◆ WHAT THE EXERCISE ASKS
Leave out the pictures and copy everything else in the entries exactly.
::::::
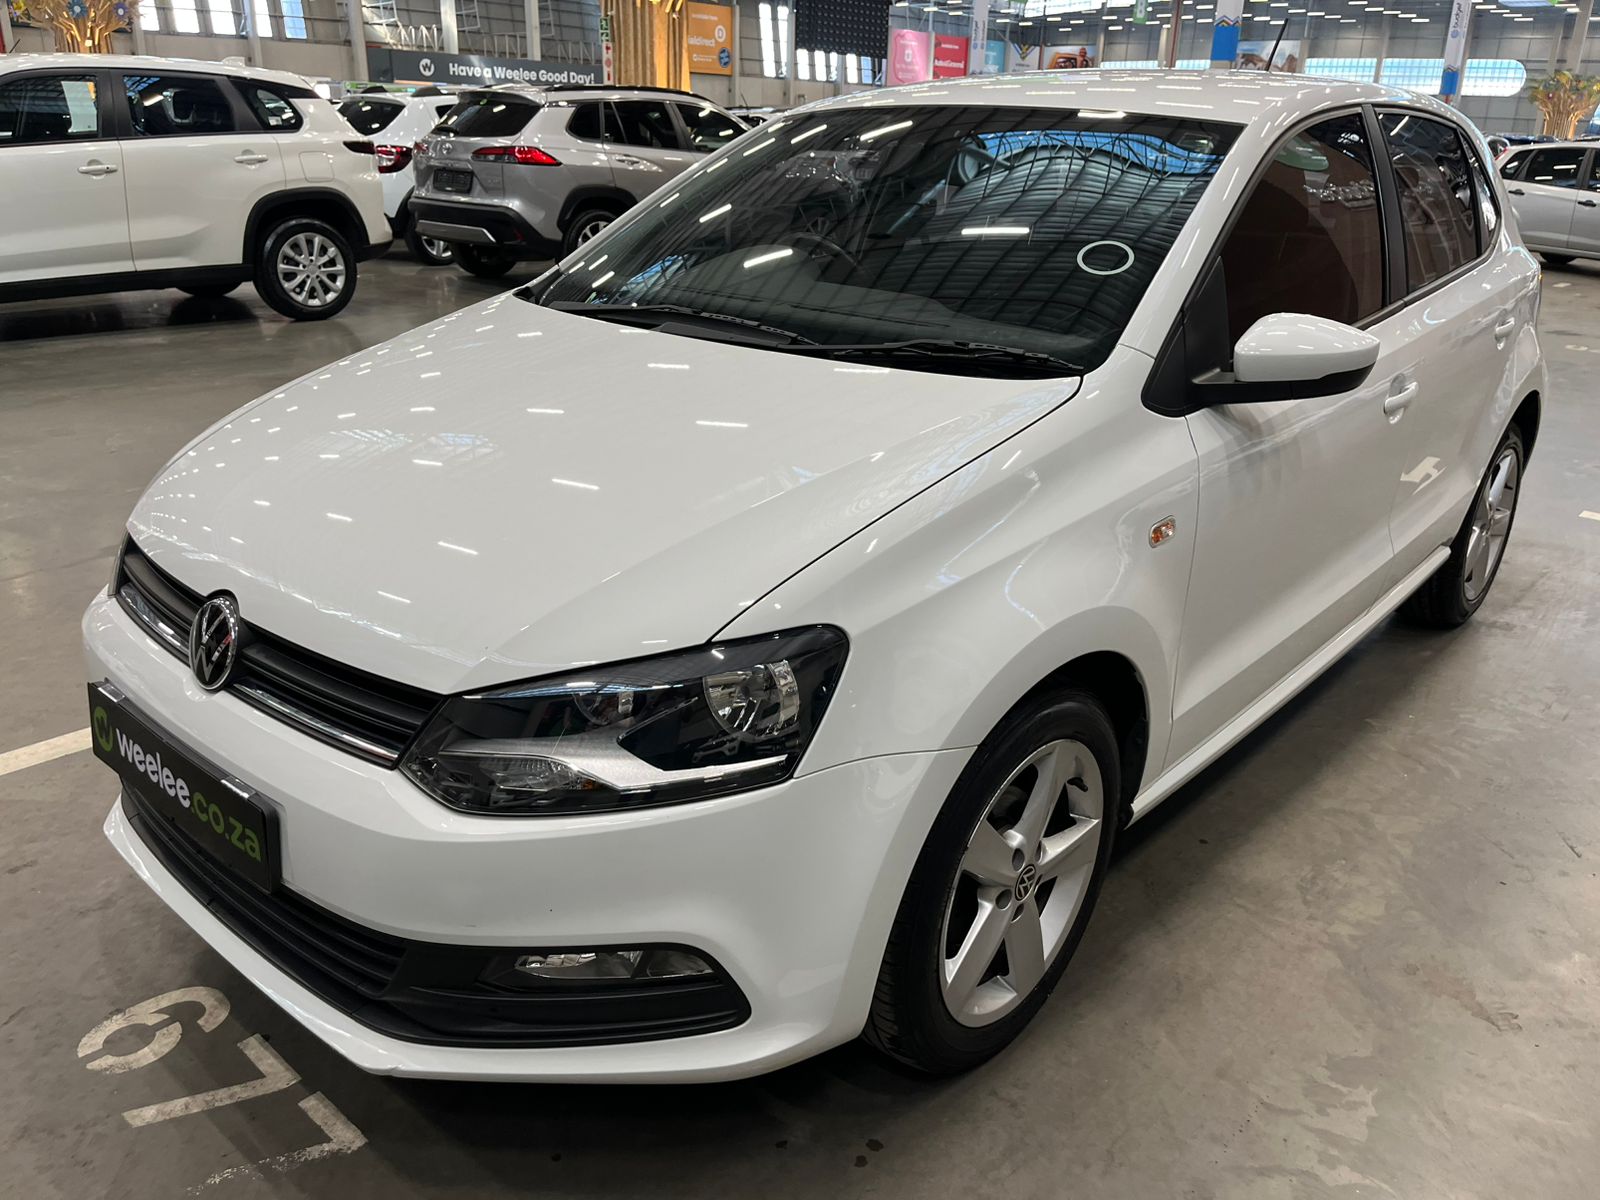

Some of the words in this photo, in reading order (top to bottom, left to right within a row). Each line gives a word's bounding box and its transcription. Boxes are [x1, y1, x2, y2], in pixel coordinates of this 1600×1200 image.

[449, 63, 482, 77] Have
[483, 67, 492, 78] a
[494, 66, 537, 80] Weelee
[539, 70, 568, 83] Good
[569, 71, 596, 84] Day!
[116, 728, 262, 862] weelee.co.za
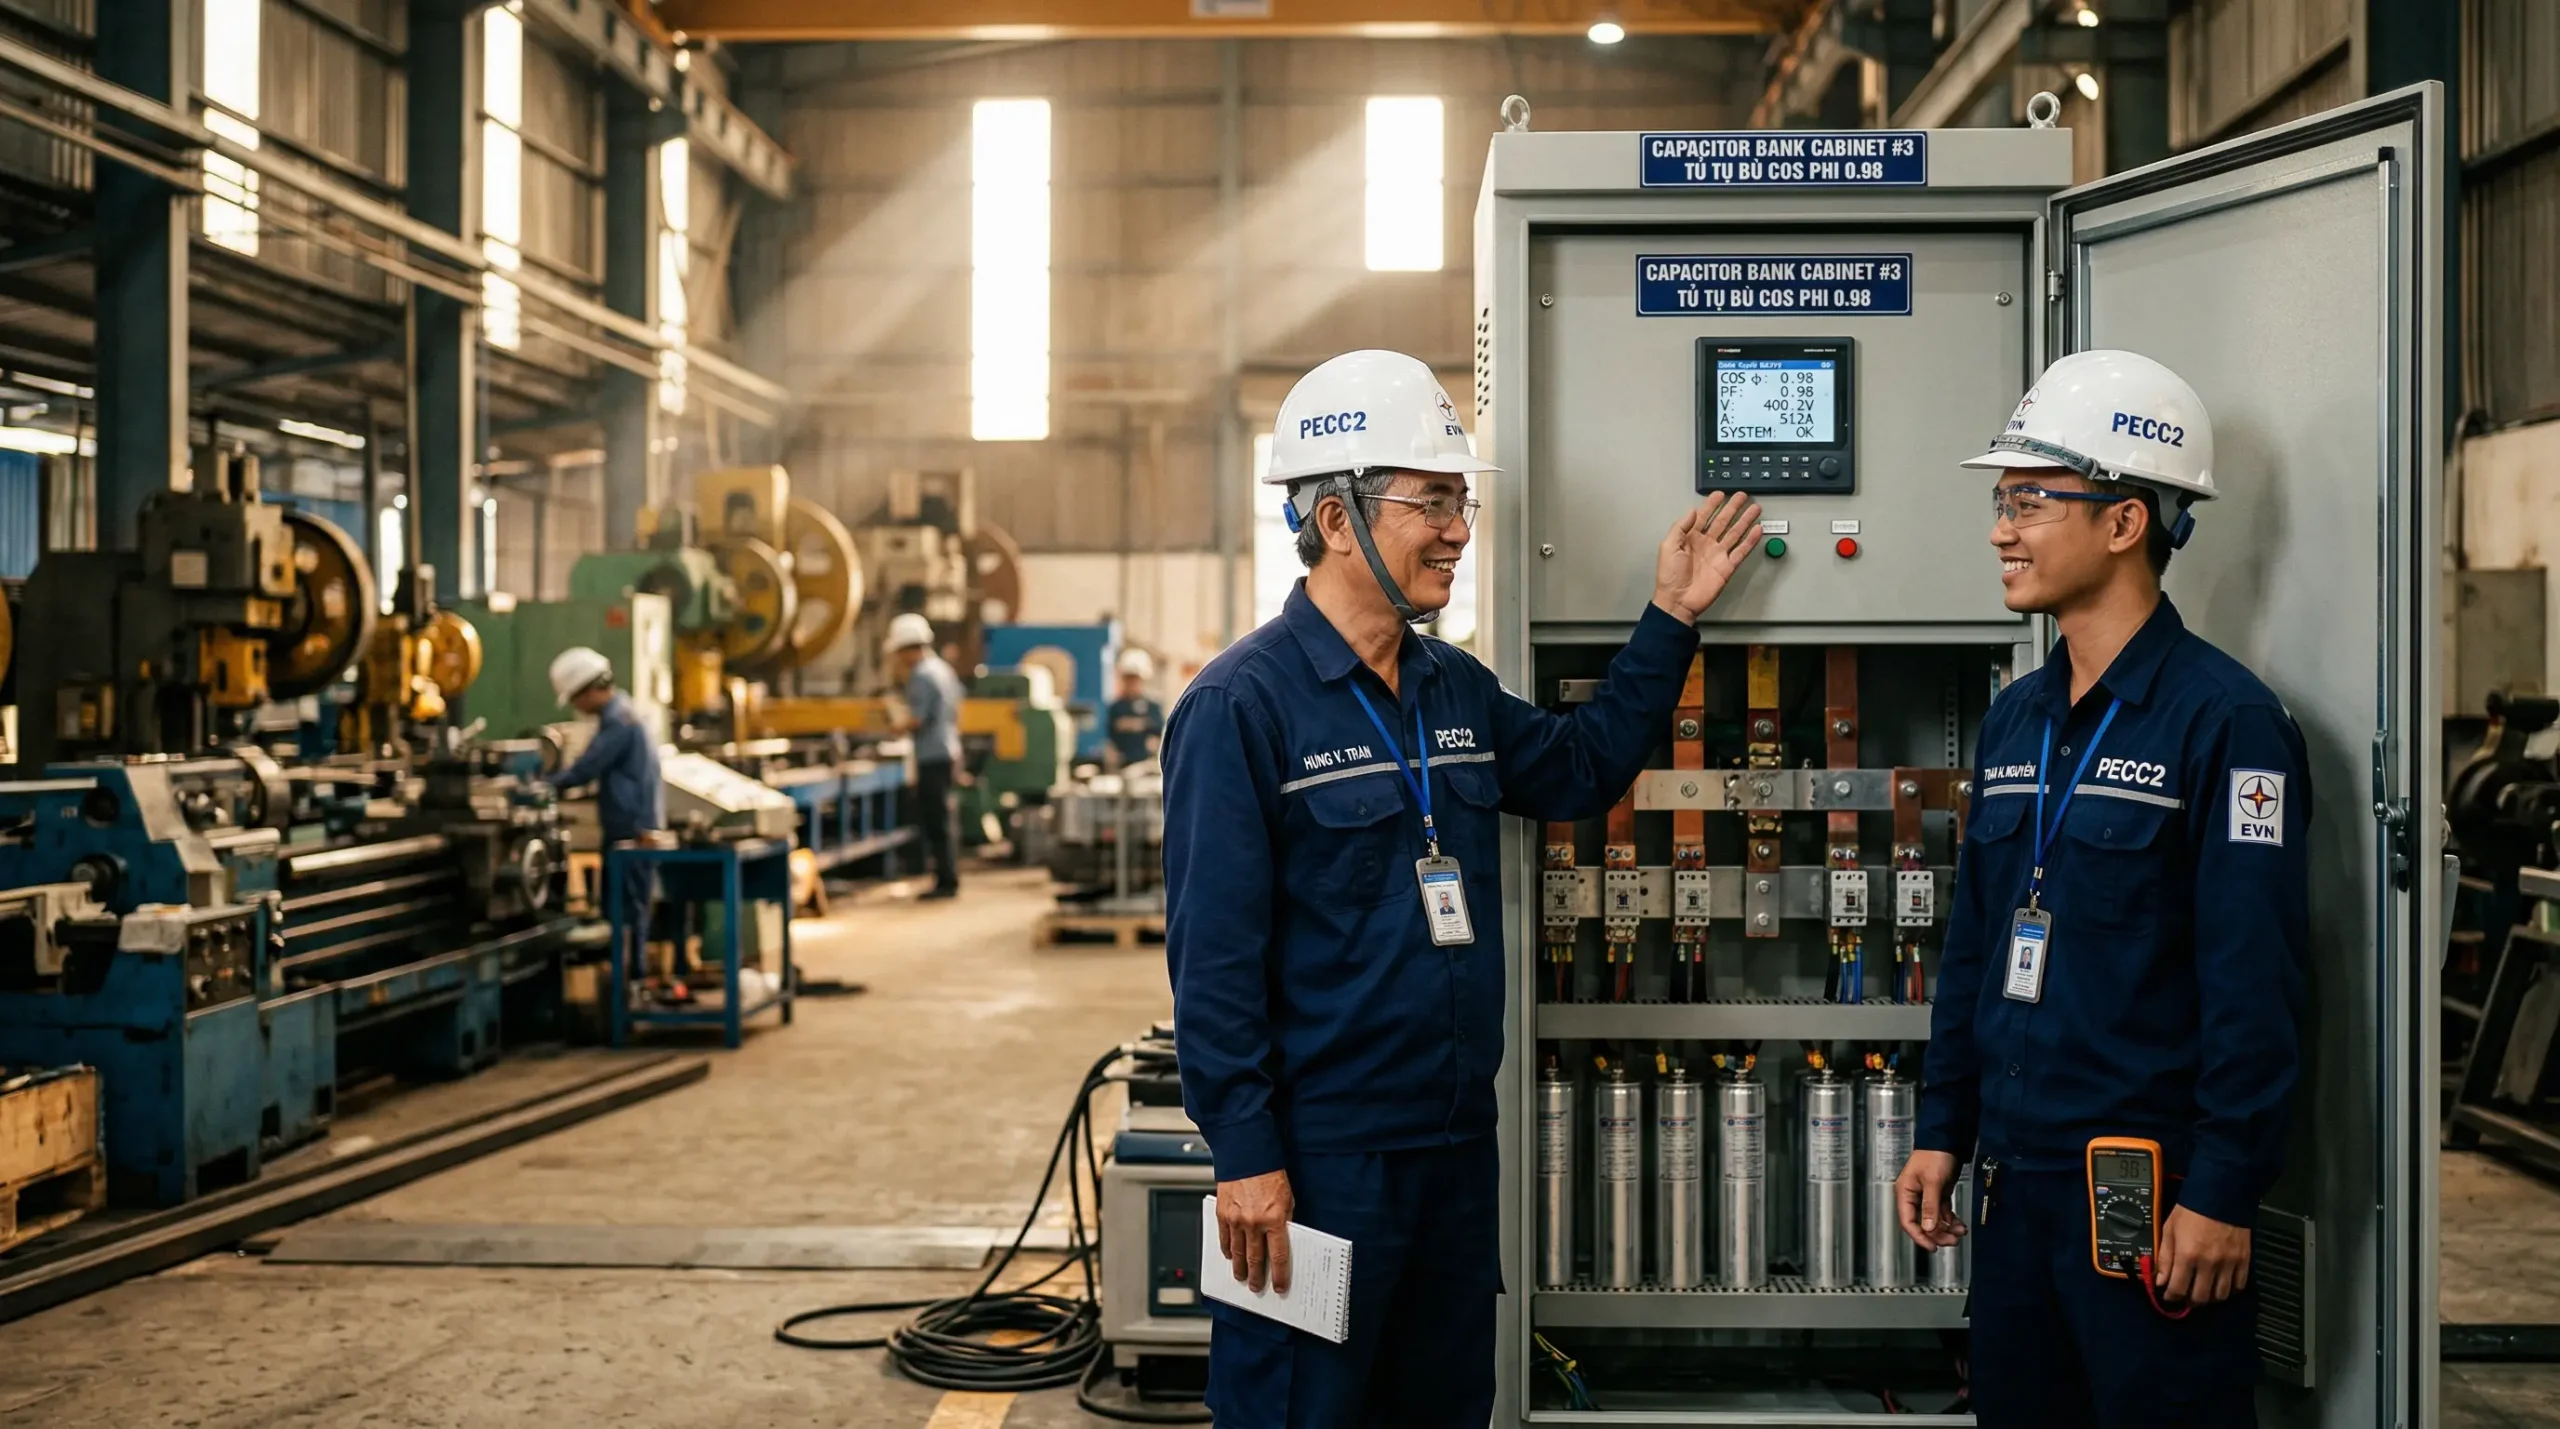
::::::
◆ FINAL ANSWER
Some of the words in this photo, in reading order (top to bottom, left to right within a row). Each line gives a word's bounding box and its transcription. Boxes are [x1, y1, x2, y2], in pixel coordinates of this 1600×1200 image.

[449, 63, 482, 77] Have
[483, 67, 492, 78] a
[494, 66, 537, 80] Weelee
[539, 70, 568, 83] Good
[569, 71, 596, 84] Day!
[116, 728, 262, 862] weelee.co.za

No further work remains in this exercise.